** Task **
Find the line with "this 2000×1125 image.". Transcribe it and each later line of the data exactly, up to and including the last.

** Records supplied **
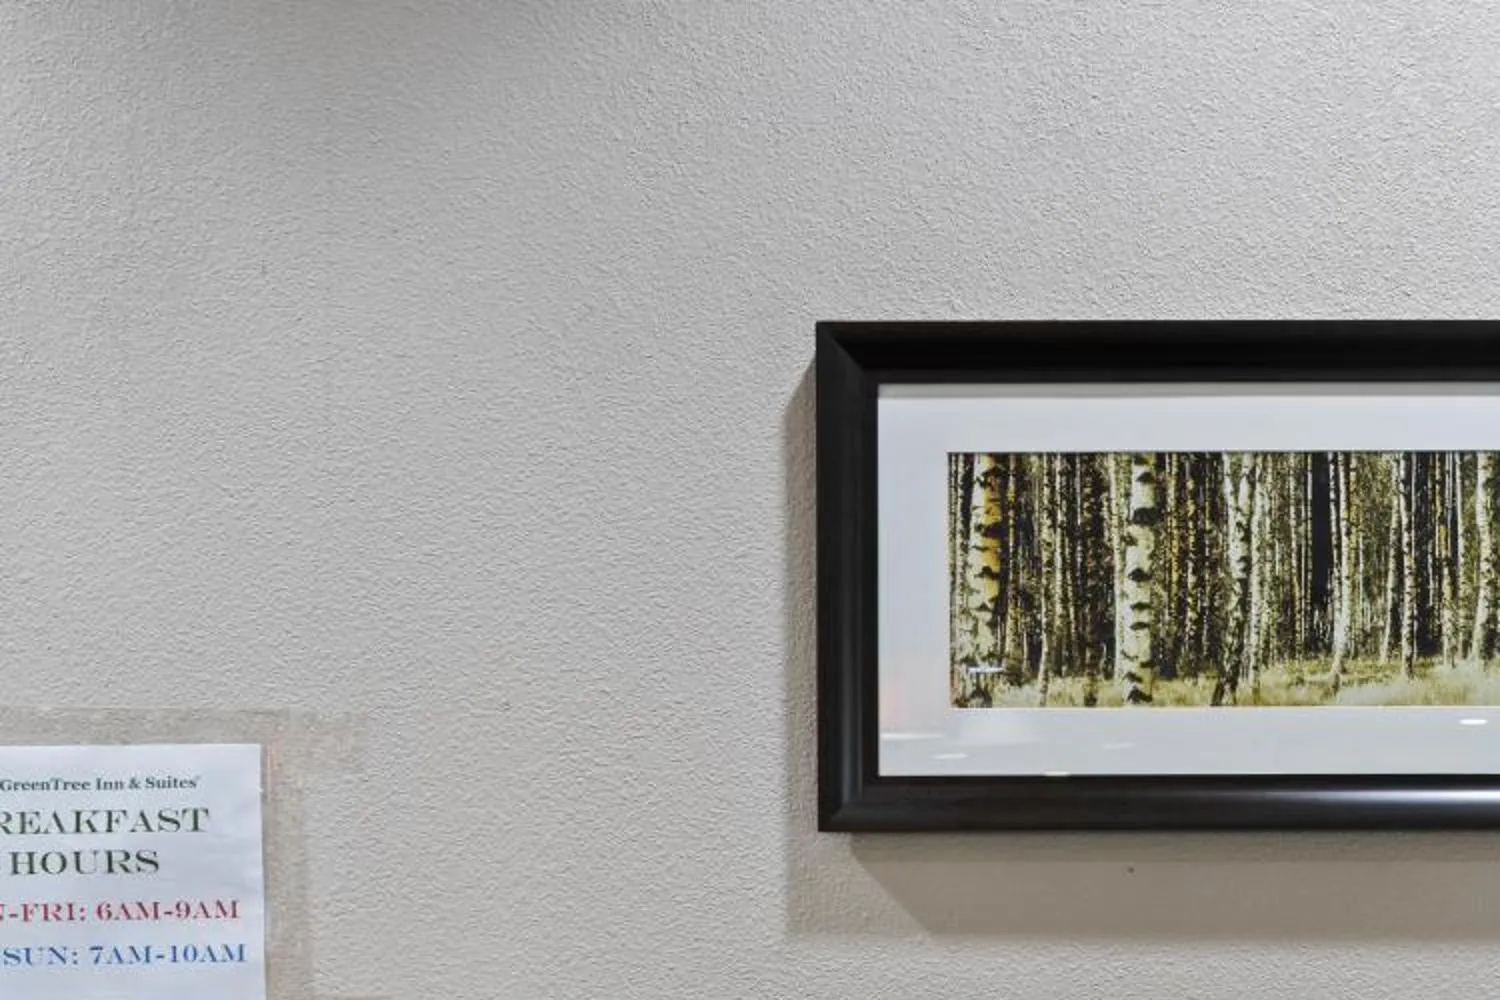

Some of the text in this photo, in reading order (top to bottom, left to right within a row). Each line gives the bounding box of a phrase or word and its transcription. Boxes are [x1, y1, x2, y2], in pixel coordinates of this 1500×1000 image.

[95, 777, 124, 790] Inn
[128, 777, 141, 790] &
[9, 849, 160, 876] HOURS
[0, 899, 241, 923] -FRI: 6AM-9AM
[89, 942, 247, 965] 7AM-10AM
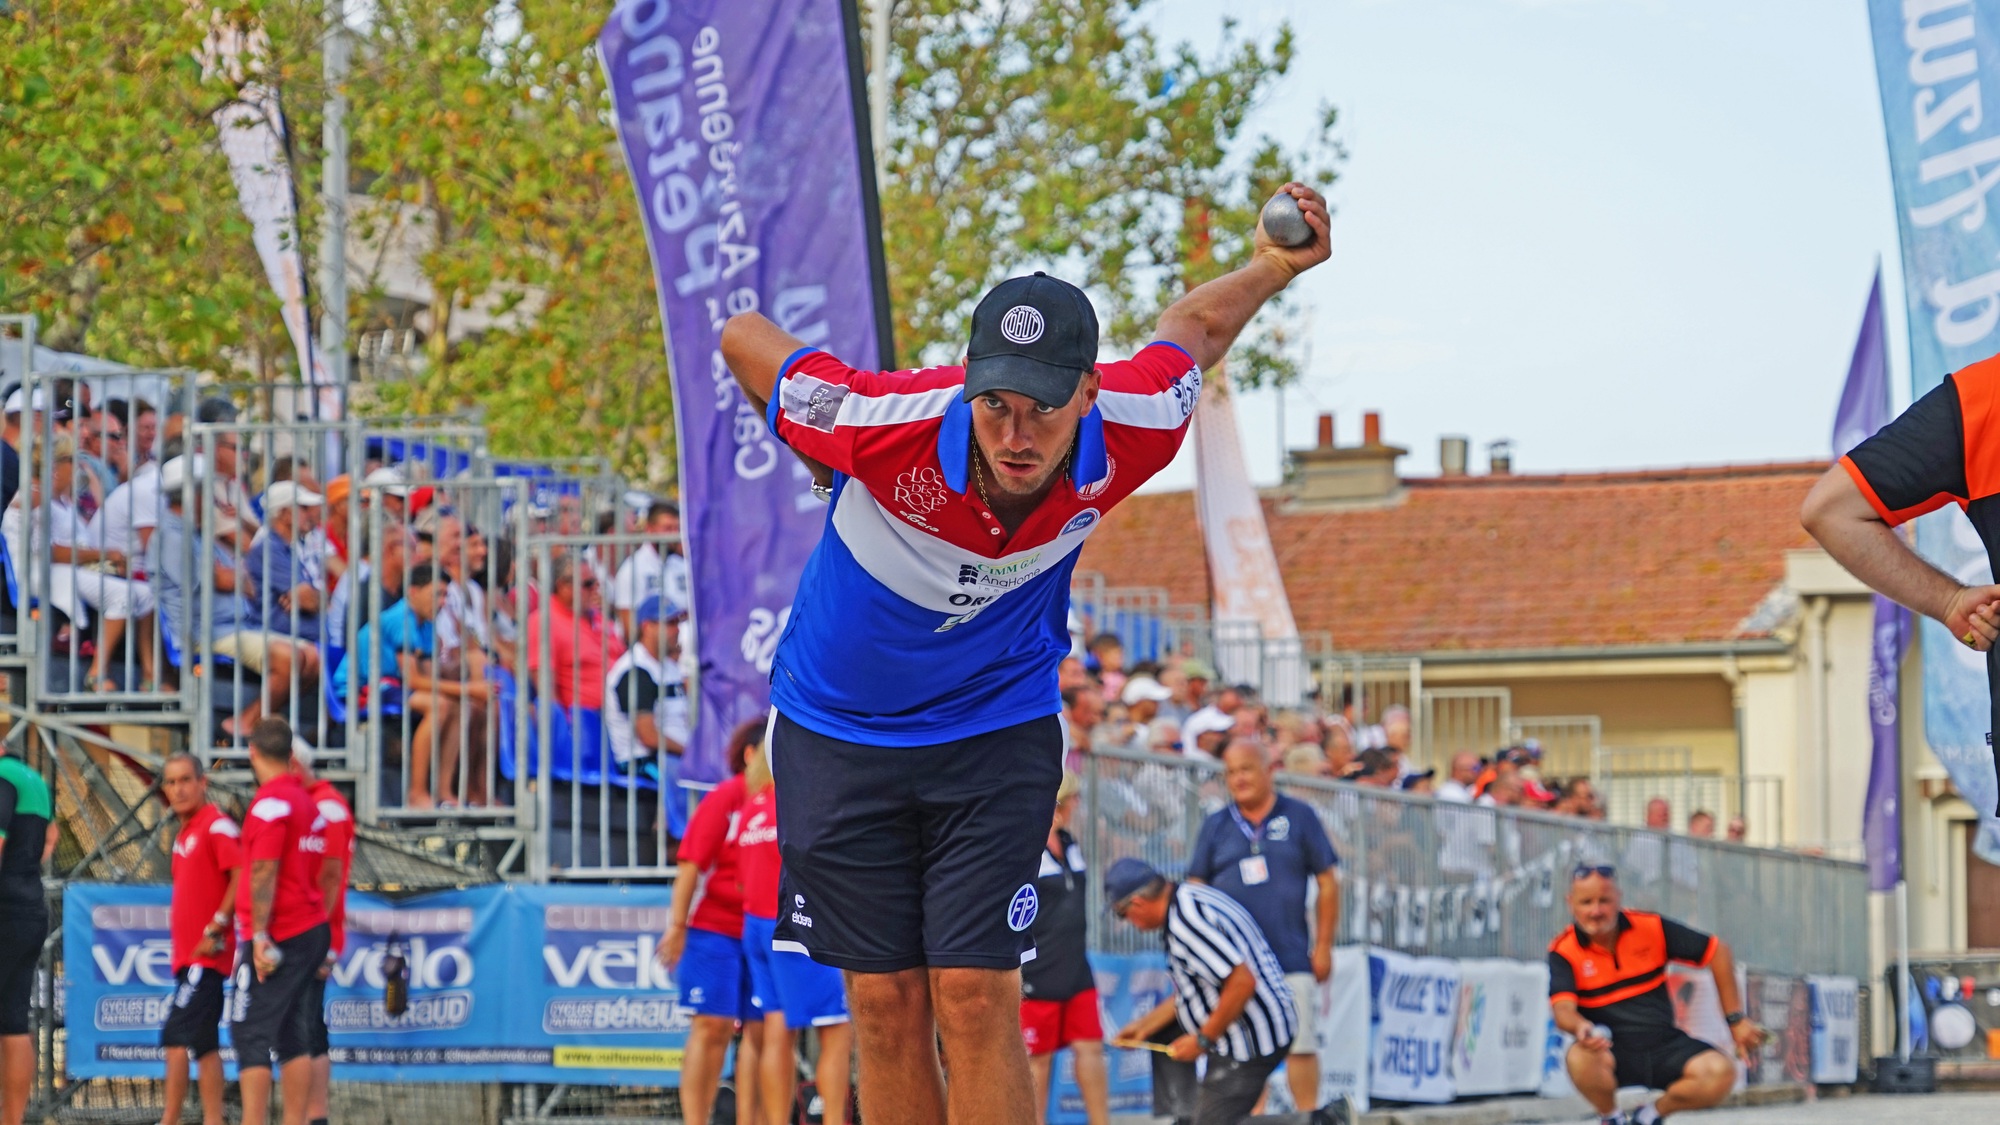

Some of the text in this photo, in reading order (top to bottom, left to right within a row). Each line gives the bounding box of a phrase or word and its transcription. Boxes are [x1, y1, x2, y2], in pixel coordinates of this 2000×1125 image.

[1009, 311, 1038, 338] OBUT
[897, 466, 943, 491] CLOS
[893, 486, 948, 514] ROSES
[911, 483, 933, 498] DES
[977, 563, 1017, 576] CIMM
[980, 568, 1041, 587] AnaHome

** Answer box **
Some of the text in this photo, in reading order (top to bottom, left to right within a row). Each line gives the bounding box of a phrase or word and its transcription. Boxes are [x1, y1, x2, y2], in pixel coordinates of this 2000×1125 image.

[1009, 311, 1038, 338] OBUT
[897, 466, 943, 491] CLOS
[893, 486, 948, 514] ROSES
[911, 483, 933, 498] DES
[977, 563, 1017, 576] CIMM
[980, 568, 1041, 587] AnaHome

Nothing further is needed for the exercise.